DISPLAYED ERROR MESSAGES:
When system is powered on, error message will be displayed on the screen (Floppy disk fail), if the Video Adapter is functional.
The advanced diagnostic add on card captures details of POST sequence and displays a hexa code which may be used for in-depth & accurate diagnosis of a POST problem.
A computer CD-ROM drive uses small, interchangeable, plastic-encased discs from which data is retrieved using a laser beam, much like music compact disc. And like a music CD, a computer CD-ROM stores vast amounts of information. This is achieved by using light to record data in a form that’s more tightly packed than the relatively clumsy magnetic read/write heads a conventional drive must manage.
The drive is controlled by a software in your PC that sends instructions to controller circuitry that’s either a part of the computers motherboard or on a separate board installed in an expansion slot.
How a CD_ROM drive works?
· A motor constantly varies the rate at which CD-ROM disc spins so that regardless of where a component, called DETECTOR, is located in relation to the radius of the disc, the portion of the disc immediately above the detector is always at the same speed.
· The laser projects a concentrated beam of light that is further focused by a focusing coil.

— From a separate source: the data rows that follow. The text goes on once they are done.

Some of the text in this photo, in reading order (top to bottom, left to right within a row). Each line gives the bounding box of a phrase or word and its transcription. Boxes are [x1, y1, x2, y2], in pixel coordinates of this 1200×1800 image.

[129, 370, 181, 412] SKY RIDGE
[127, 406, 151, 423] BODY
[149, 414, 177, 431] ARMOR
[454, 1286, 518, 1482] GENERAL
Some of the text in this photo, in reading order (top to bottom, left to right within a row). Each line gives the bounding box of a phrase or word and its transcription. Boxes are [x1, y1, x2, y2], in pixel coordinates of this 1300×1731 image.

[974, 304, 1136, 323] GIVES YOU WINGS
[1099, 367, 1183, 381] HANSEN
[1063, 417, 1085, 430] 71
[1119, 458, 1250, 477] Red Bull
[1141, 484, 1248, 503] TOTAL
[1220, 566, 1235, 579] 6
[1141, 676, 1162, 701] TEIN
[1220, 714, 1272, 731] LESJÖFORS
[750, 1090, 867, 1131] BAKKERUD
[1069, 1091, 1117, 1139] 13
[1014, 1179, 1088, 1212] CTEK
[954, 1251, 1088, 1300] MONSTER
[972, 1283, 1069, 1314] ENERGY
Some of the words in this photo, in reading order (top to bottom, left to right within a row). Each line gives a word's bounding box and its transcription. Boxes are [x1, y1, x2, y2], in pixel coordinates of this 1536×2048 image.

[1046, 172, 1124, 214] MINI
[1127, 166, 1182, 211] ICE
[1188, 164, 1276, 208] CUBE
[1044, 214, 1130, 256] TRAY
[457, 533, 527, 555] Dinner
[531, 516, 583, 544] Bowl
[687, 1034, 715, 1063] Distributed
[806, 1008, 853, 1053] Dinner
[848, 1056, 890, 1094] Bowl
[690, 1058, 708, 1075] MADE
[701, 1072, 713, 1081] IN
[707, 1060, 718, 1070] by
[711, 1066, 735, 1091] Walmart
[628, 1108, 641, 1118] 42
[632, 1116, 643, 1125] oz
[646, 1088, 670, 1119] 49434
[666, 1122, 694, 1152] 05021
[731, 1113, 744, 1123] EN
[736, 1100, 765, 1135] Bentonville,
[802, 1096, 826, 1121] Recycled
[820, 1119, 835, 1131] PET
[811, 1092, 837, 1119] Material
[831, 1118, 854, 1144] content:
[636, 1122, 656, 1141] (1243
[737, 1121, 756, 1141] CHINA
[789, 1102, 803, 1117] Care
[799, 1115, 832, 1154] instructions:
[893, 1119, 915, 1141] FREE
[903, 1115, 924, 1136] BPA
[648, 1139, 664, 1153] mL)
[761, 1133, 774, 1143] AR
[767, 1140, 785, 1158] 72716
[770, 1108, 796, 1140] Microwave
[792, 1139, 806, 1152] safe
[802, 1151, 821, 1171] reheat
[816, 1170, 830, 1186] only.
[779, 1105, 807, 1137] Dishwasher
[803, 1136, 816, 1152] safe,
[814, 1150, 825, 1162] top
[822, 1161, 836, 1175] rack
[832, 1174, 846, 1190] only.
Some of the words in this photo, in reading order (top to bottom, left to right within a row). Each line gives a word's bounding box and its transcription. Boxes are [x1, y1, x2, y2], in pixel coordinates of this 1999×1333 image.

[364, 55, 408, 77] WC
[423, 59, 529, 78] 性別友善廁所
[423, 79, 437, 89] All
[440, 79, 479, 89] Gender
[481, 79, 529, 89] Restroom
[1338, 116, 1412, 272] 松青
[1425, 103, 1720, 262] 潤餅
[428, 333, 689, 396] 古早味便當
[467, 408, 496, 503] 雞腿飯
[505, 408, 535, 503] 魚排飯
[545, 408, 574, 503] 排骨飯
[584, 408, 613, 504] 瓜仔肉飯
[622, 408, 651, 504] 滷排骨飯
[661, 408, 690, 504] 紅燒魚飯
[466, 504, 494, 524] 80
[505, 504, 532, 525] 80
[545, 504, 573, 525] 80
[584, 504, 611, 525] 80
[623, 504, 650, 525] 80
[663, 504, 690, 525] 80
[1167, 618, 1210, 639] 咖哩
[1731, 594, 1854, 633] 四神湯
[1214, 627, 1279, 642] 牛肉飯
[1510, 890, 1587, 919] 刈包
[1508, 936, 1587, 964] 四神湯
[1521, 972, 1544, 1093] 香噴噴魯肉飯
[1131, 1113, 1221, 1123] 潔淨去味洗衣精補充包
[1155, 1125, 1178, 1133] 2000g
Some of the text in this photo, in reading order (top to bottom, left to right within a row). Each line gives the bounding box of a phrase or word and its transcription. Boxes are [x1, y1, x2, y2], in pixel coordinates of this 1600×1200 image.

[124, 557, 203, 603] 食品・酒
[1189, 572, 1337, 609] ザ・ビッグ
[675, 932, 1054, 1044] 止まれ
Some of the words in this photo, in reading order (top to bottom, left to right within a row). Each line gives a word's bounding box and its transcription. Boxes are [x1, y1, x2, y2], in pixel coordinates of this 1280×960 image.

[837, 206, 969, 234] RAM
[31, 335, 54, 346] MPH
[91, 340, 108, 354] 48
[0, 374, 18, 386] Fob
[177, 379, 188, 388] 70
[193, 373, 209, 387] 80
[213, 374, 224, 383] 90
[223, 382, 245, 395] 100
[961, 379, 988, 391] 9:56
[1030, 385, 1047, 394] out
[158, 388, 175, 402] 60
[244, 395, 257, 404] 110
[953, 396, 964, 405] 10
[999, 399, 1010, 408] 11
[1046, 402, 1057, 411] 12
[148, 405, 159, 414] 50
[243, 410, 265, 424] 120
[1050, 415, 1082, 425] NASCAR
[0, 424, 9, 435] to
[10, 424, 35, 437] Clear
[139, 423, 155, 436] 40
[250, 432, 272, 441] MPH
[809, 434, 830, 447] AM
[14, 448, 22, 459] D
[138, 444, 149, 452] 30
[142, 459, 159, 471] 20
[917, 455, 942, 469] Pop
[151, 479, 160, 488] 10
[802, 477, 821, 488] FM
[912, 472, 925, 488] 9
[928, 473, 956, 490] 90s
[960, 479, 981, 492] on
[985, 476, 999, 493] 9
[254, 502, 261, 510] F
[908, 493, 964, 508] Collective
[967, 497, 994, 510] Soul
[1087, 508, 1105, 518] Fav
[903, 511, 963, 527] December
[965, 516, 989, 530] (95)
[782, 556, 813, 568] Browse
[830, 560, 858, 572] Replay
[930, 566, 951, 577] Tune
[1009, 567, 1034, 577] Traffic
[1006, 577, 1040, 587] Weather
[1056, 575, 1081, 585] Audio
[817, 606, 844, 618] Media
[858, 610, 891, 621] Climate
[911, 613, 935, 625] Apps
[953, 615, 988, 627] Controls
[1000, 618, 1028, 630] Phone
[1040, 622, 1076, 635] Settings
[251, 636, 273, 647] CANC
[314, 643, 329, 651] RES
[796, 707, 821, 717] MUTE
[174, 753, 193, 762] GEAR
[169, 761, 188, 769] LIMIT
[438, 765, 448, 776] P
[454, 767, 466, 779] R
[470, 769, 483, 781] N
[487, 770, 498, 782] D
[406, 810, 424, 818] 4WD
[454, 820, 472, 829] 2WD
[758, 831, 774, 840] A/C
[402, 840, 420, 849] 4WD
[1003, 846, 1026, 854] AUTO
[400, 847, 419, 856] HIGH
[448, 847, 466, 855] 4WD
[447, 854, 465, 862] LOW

· The laser beam penetrates a protective layer of plastic and strikes a reflective layer that looks like aluminum foil on the bottom of disc.
· The surface of the reflective layer alternates between lands and pits. Lands are flat surface areas; pits are tiny depression in the reflective layer. these surface are record of the 1s and 0s used to store data.
· Lights that strikes a pit scattered. But light that strikes a land is reflected directly back at the detector, where it passes through a prism that deflects laser beam to a LIGHT-SENSING DIODE.
· Each pulse of light that strikes the light-sensing diode generates a small electrical voltages. These voltages are matched against a timing circuit to generates a stream of 1s and 0s that can understand.